Some history which may give some insight to the why and how of China, their industrial and foreign policy.

In order to evaluate the pros and cons of the Gateway Pipeline Project, we must first have an understanding of the players involved.

I am not an historian. I am a Canadian citizen deeply concerned about the ecological, environmental and economical effects the Enbridge Gateway Pipeline will have on our country. This report is taken from what I perceive to be factual information from sources I have been able to research and trust to be authentic and factual.

Since the mid ’50s, China has been developing it’s economy out from primarily an agriculture base to what is now an industrial super power. The 1960s saw rapid change as China sought foreign investment and technology in order to compete in international affairs. Many western corporations were attracted to the economic advantages of conducting business with China, a huge low cost labor pool and a huge market for consumer goods of all types. As industrialization took place, so did the need for energy. China has fairly large oil reserves both onshore and offshore which remained virtually untapped until recently. China sought energy sources mainly from nearby Iran and Russia.

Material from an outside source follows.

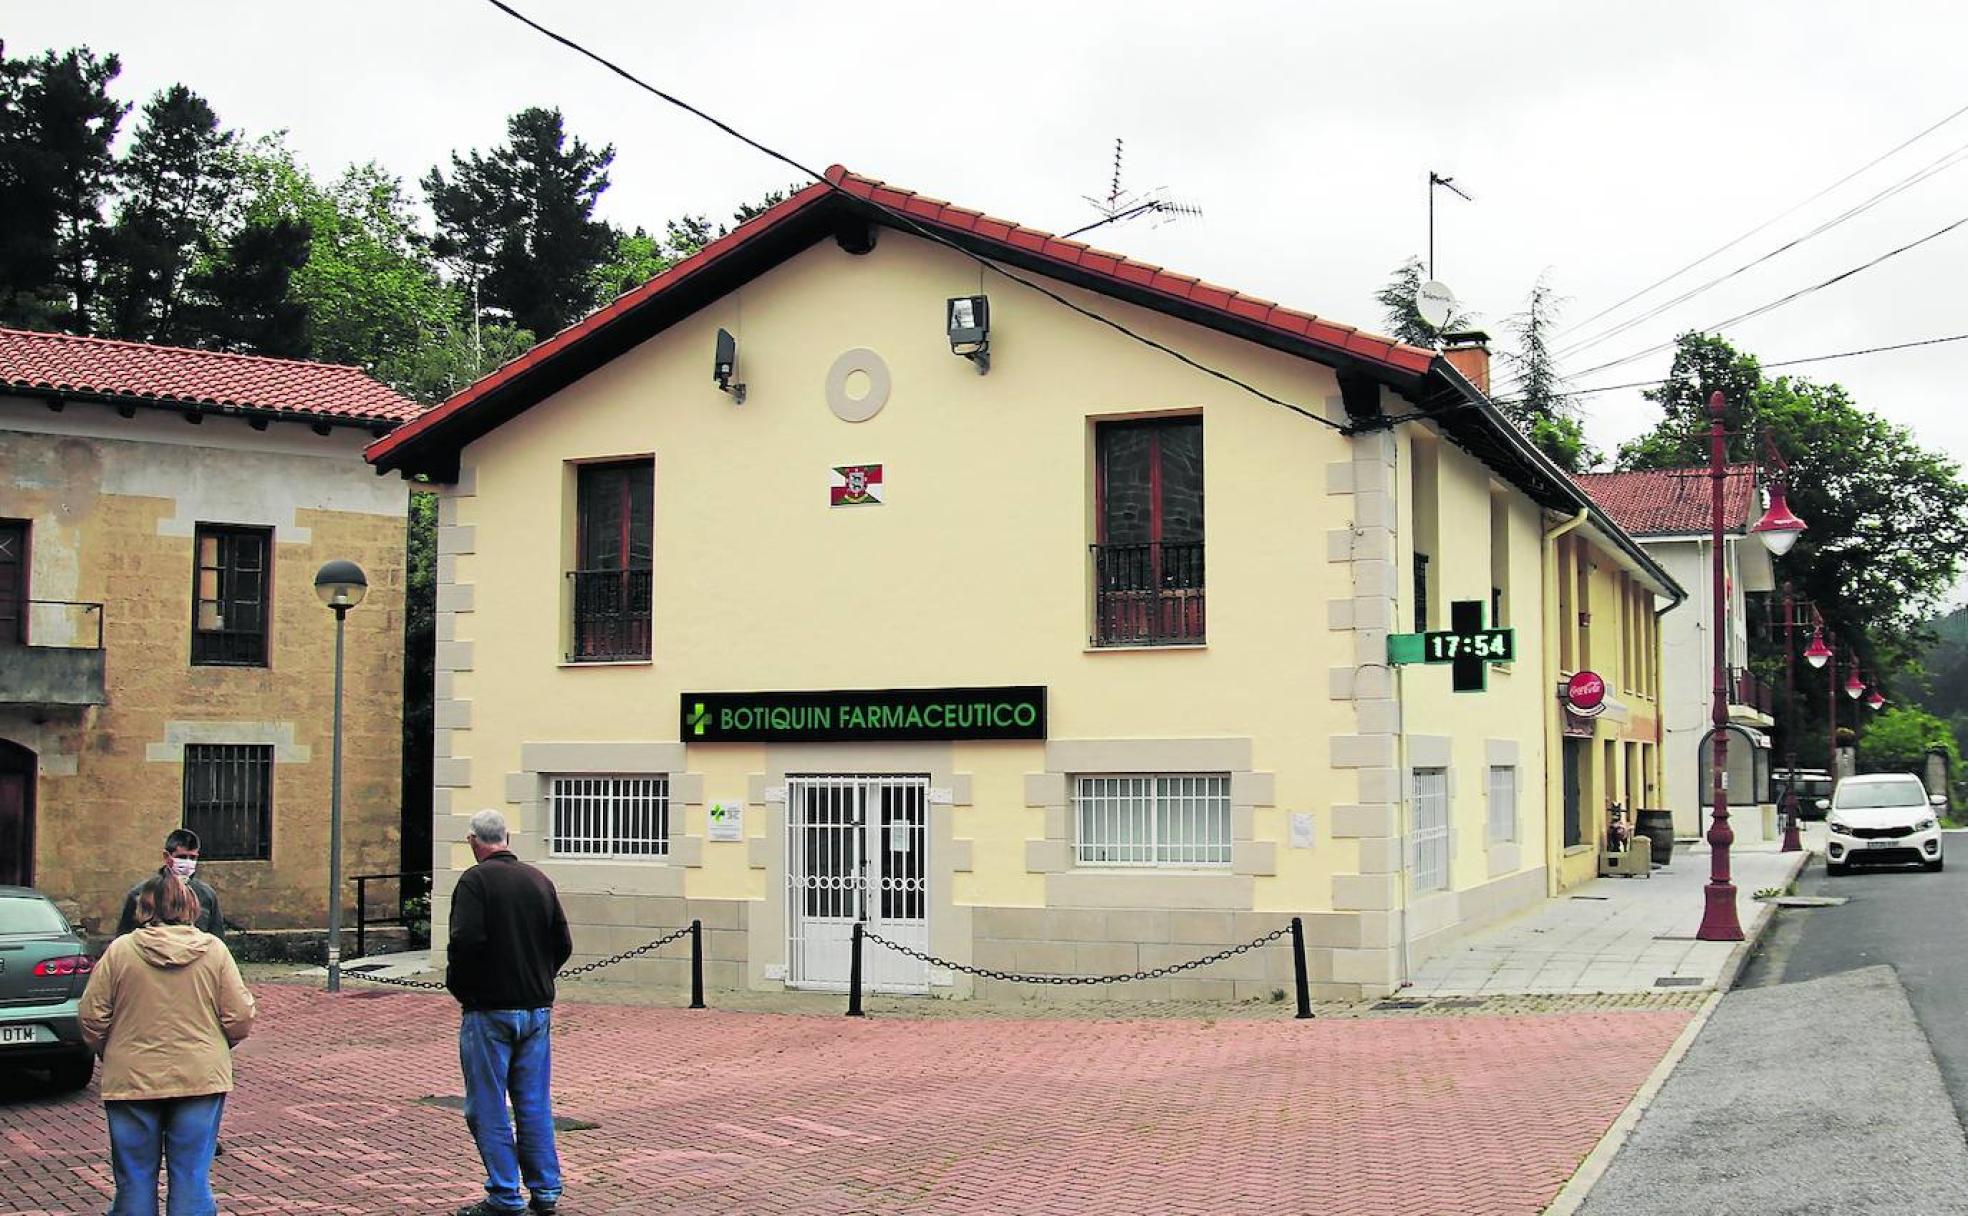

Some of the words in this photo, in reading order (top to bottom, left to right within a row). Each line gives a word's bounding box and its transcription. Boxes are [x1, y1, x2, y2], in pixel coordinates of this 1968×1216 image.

[1431, 634, 1506, 658] 17:54
[720, 706, 830, 731] BOTIQUIN
[839, 702, 1037, 729] FARMACEUTICO
[3, 1027, 33, 1041] DTM

Politics of course, has played a huge roll in Chinese industrial development. China and Russia, although both communist, never saw eye to eye on politics. As long as the Cold war between the US and USSR remained, Russian trade with China continued to increase. Since the end of WW2 western interests in the South Pacific played a huge role influencing the politics of the region. China also kept an eye on the South Asian countries stemming the tides of democracy. China proved it’s military interference capabilities first in North Korea in halting democracy in the peninsula and later in Viet Nam assisting the North Vietnamese communist regime to drive out the American forces.

In the late ’70s, China turned south to the Southern countries around Malaysia to further it’s energy supplies. China required more oil resources and looked to Iran. China had border disagreements though with Afghanistan. China needed to come to terms with Afghan leaders in order to ensure a secure and shorter route to it’s largest energy trade source, Iran. This upset the USSR who was experiencing loss of control and influence over it’s southern states and with it direct control over the oil resources in the area. Russia wanted to build a pipeline through Afghanistan to India. The Soviets invaded Afghanistan in 1979 which led to a 10 year war in which, with Chinese support and indirect US support, drove out the Russians but left a chaotic fragile regime of warlords to rule over the country. A perfect climate for anti-western culture which the Taliban took advantage of along with support from neighboring Pakistan and Iran.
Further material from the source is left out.